* **Work to complete**: For this exercise, return all the data word for word, with images left out.

* **Recorded information**:
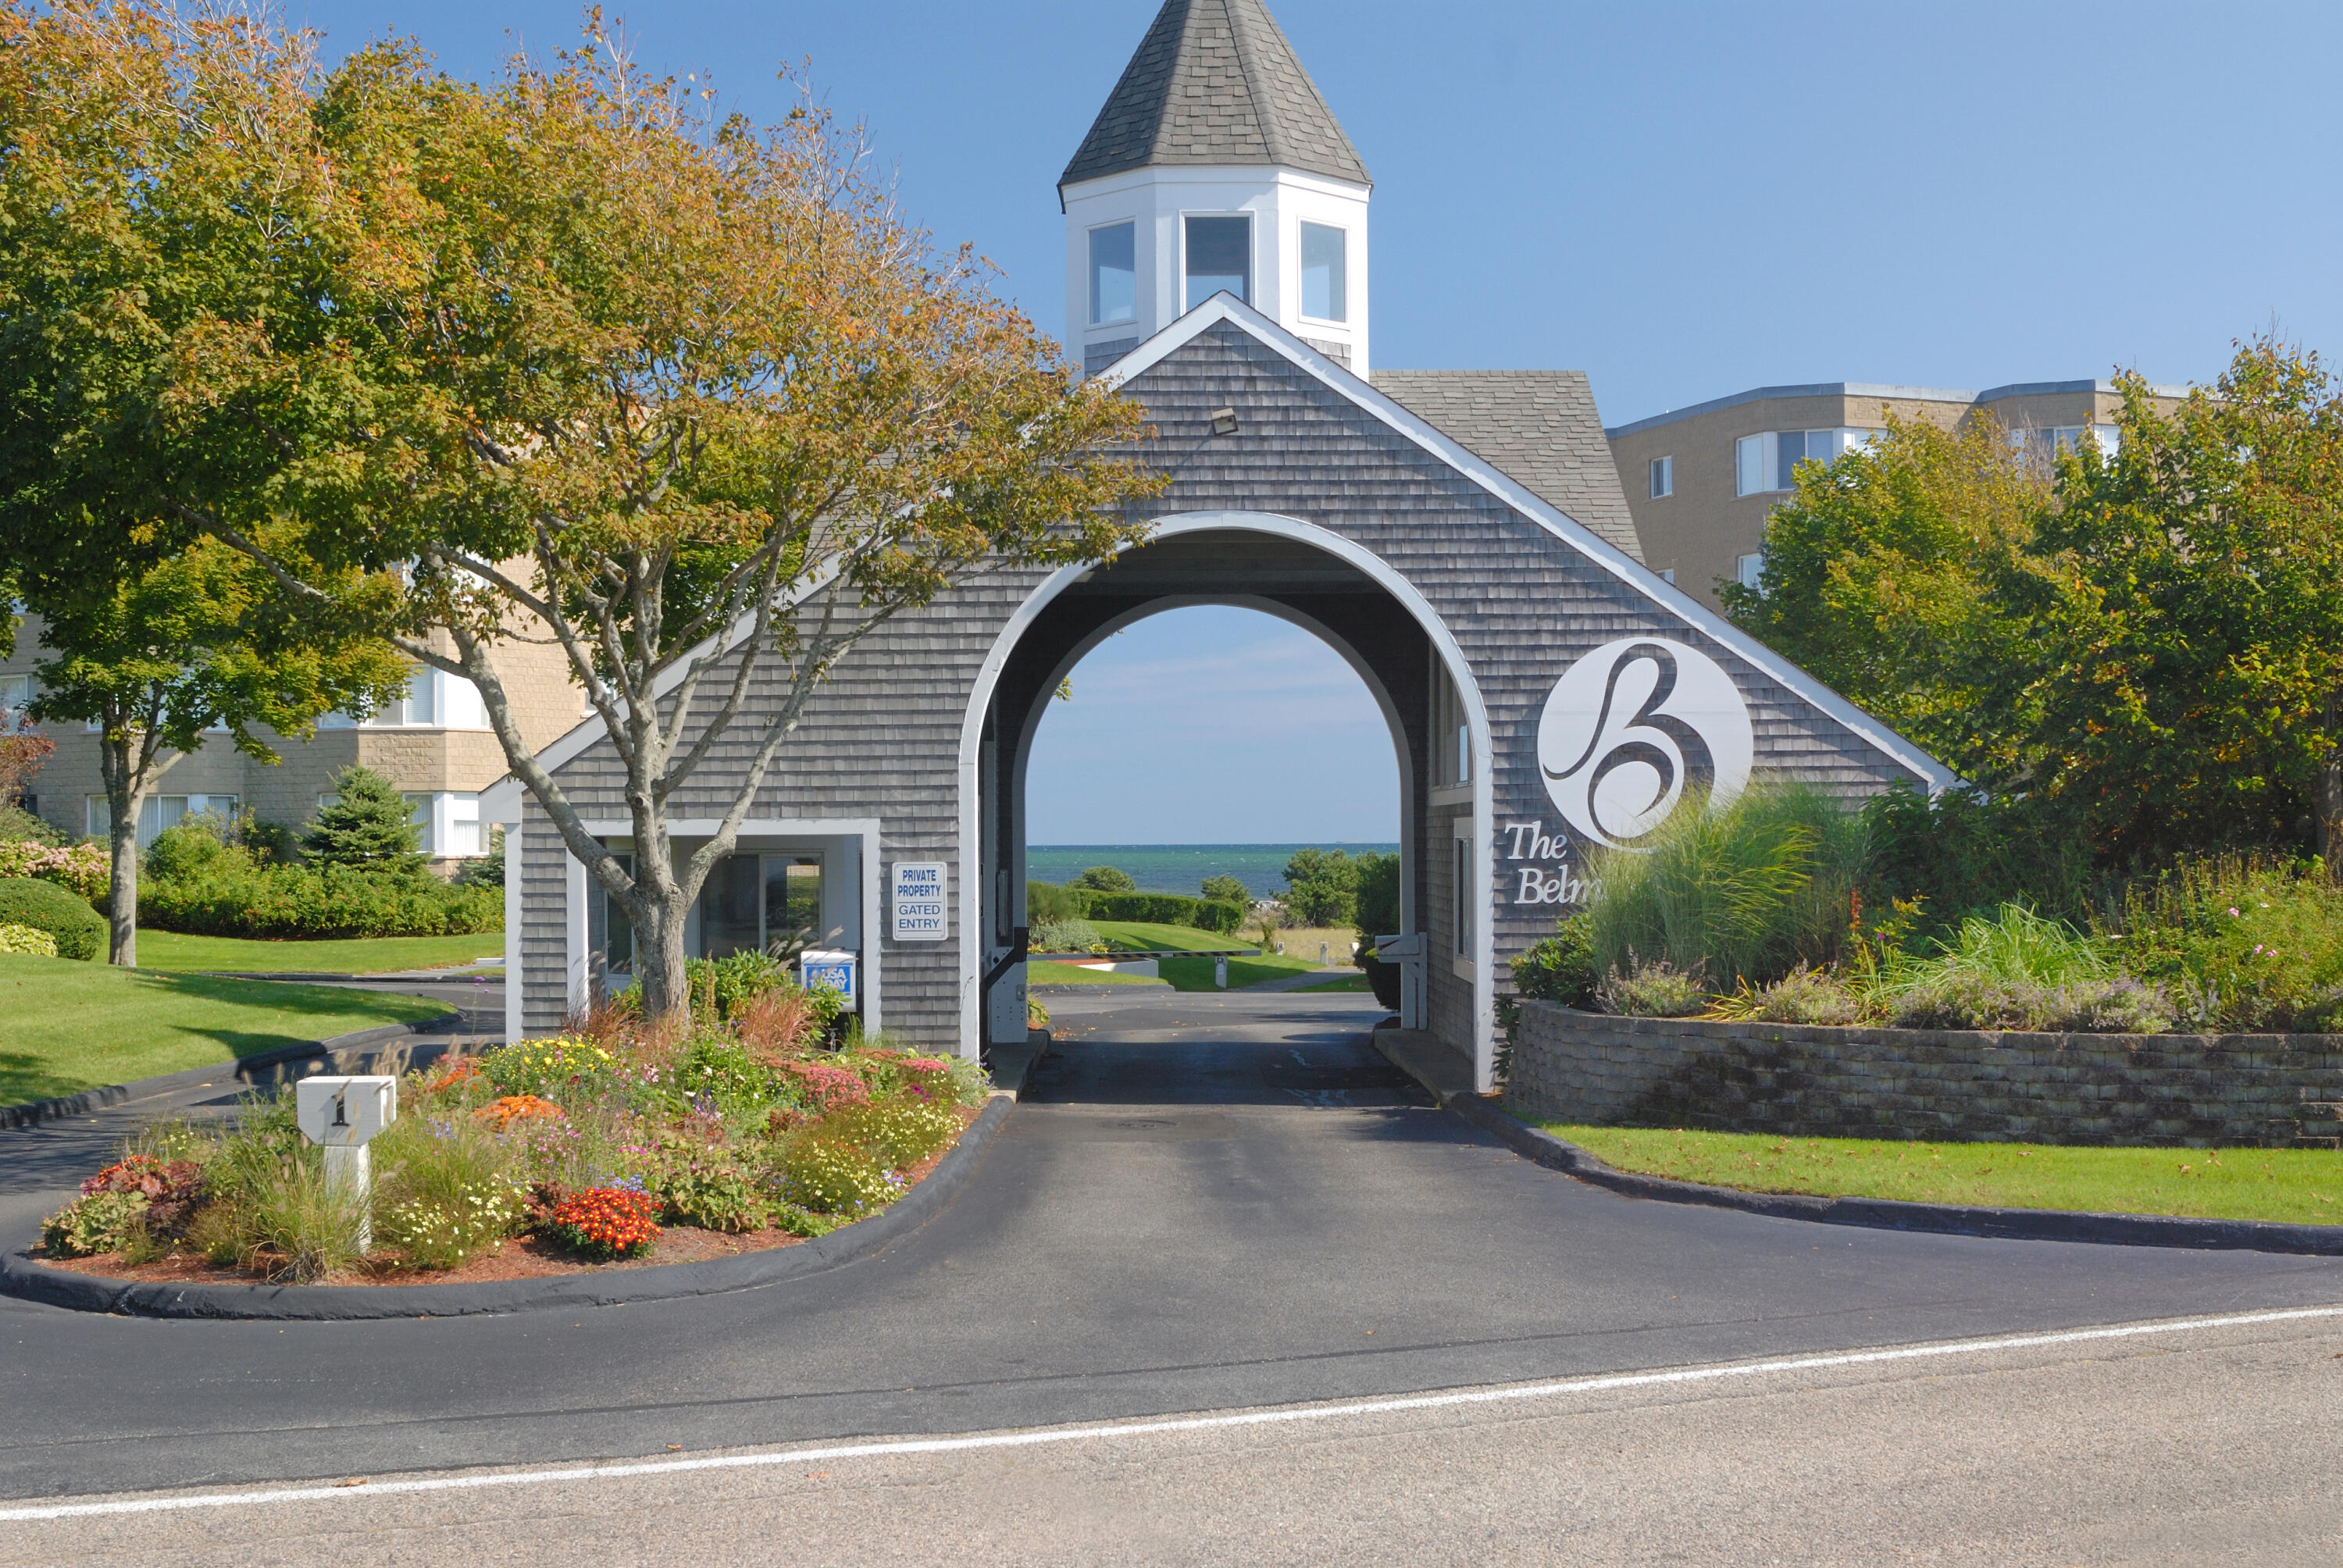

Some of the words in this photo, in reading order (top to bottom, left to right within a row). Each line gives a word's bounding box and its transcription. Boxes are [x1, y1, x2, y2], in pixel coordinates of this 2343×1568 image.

[1504, 820, 1567, 860] The
[902, 869, 936, 882] PRIVATE
[1514, 864, 1604, 904] Belm
[897, 885, 941, 896] PROPERTY
[899, 905, 940, 915] GATED
[899, 918, 940, 928] ENTRY
[822, 968, 847, 979] USA
[809, 978, 848, 989] TDAY
[331, 1087, 350, 1127] 1
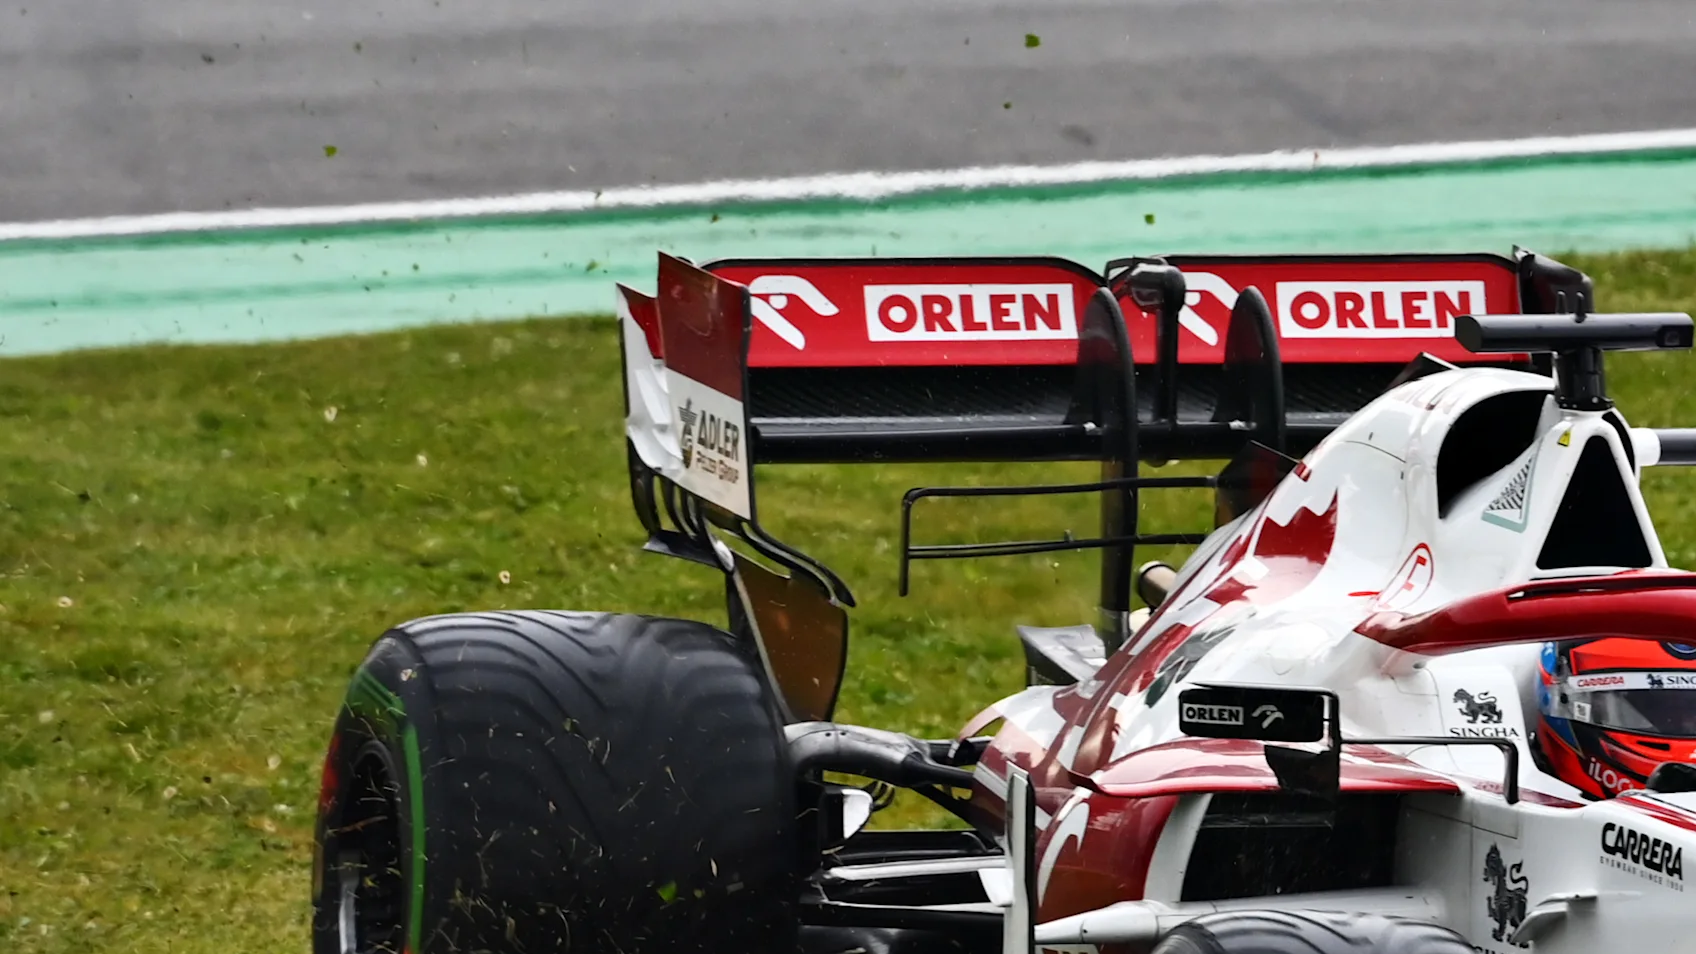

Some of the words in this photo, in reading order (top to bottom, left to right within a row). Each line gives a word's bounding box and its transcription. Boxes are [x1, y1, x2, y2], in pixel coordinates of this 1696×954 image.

[877, 293, 1062, 333] ORLEN
[1289, 290, 1472, 330] ORLEN
[697, 409, 739, 462] ADLER
[1577, 676, 1625, 687] CARRERA
[1185, 706, 1240, 722] ORLEN
[1449, 727, 1520, 737] SINGHA
[1601, 821, 1684, 881] CARRERA
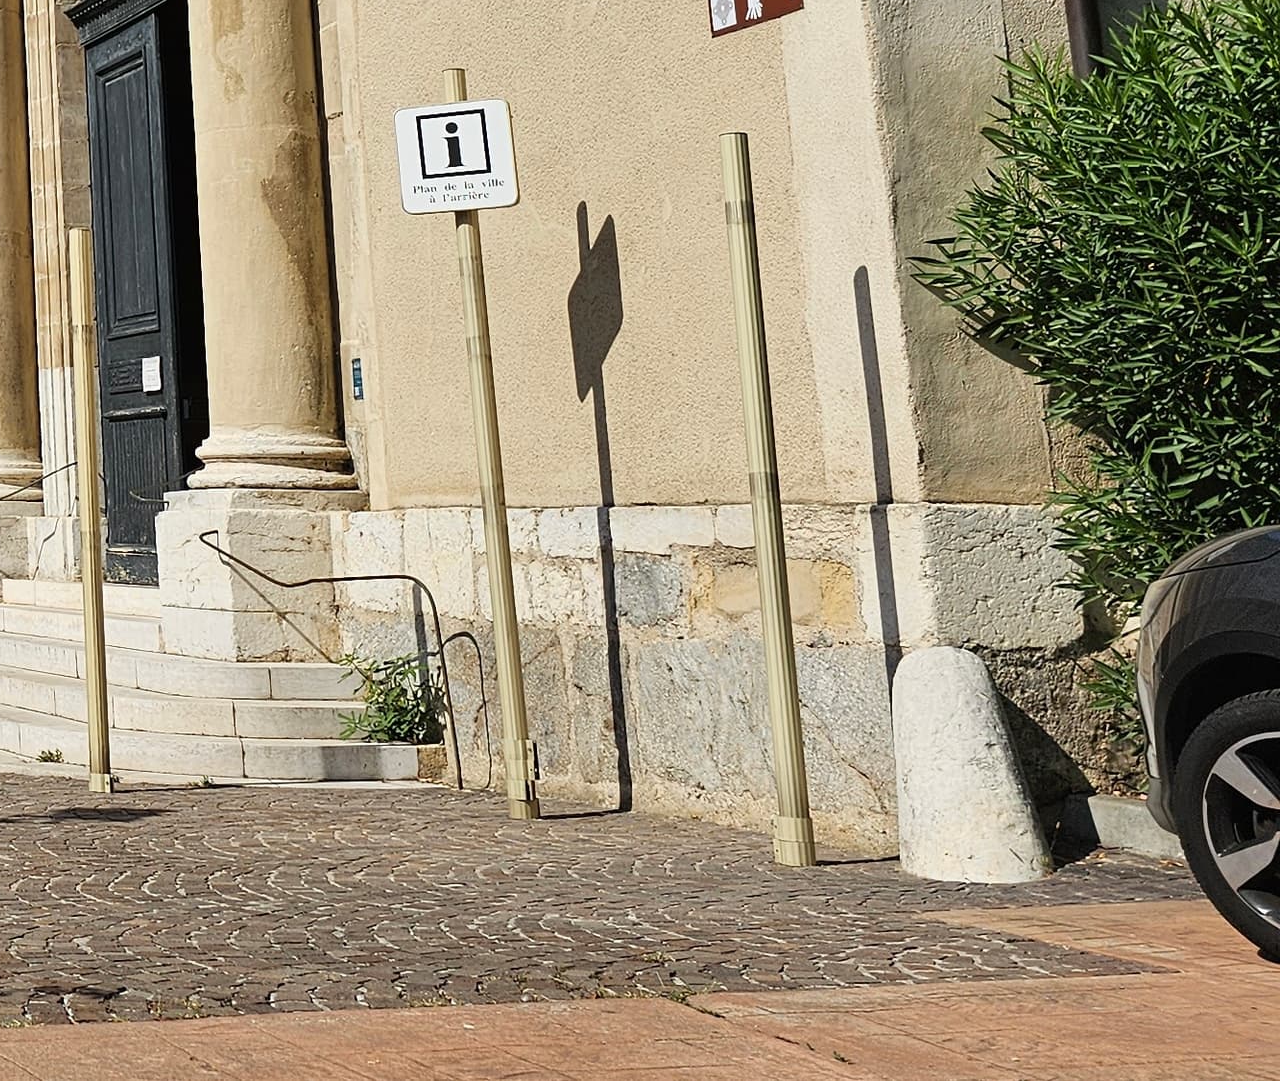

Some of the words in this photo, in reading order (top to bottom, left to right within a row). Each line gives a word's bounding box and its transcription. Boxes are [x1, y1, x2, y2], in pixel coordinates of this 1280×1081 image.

[413, 185, 437, 195] Plan
[444, 182, 457, 192] de
[464, 181, 474, 190] la
[482, 178, 505, 188] ville

* **Output for this task**:
Some of the words in this photo, in reading order (top to bottom, left to right within a row). Each line gives a word's bounding box and its transcription. Boxes are [x1, y1, x2, y2], in pixel coordinates of this 2343×1568 image.

[1504, 820, 1567, 860] The
[902, 869, 936, 882] PRIVATE
[1514, 864, 1604, 904] Belm
[897, 885, 941, 896] PROPERTY
[899, 905, 940, 915] GATED
[899, 918, 940, 928] ENTRY
[822, 968, 847, 979] USA
[809, 978, 848, 989] TDAY
[331, 1087, 350, 1127] 1

Some of the words in this photo, in reading order (top to bottom, left to right within a row). Each line gives a word's bounding box and its transcription. Boxes are [x1, y1, x2, y2], in pixel coordinates of this 1696×954 image.

[877, 293, 1062, 333] ORLEN
[1289, 290, 1472, 330] ORLEN
[697, 409, 739, 462] ADLER
[1577, 676, 1625, 687] CARRERA
[1185, 706, 1240, 722] ORLEN
[1449, 727, 1520, 737] SINGHA
[1601, 821, 1684, 881] CARRERA

Some of the words in this photo, in reading order (top to bottom, left to right within a row). Each line gives a word's bounding box and its transcription. Boxes are [x1, y1, x2, y2], in pixel coordinates of this 1280×1081 image.

[413, 185, 437, 195] Plan
[444, 182, 457, 192] de
[464, 181, 474, 190] la
[482, 178, 505, 188] ville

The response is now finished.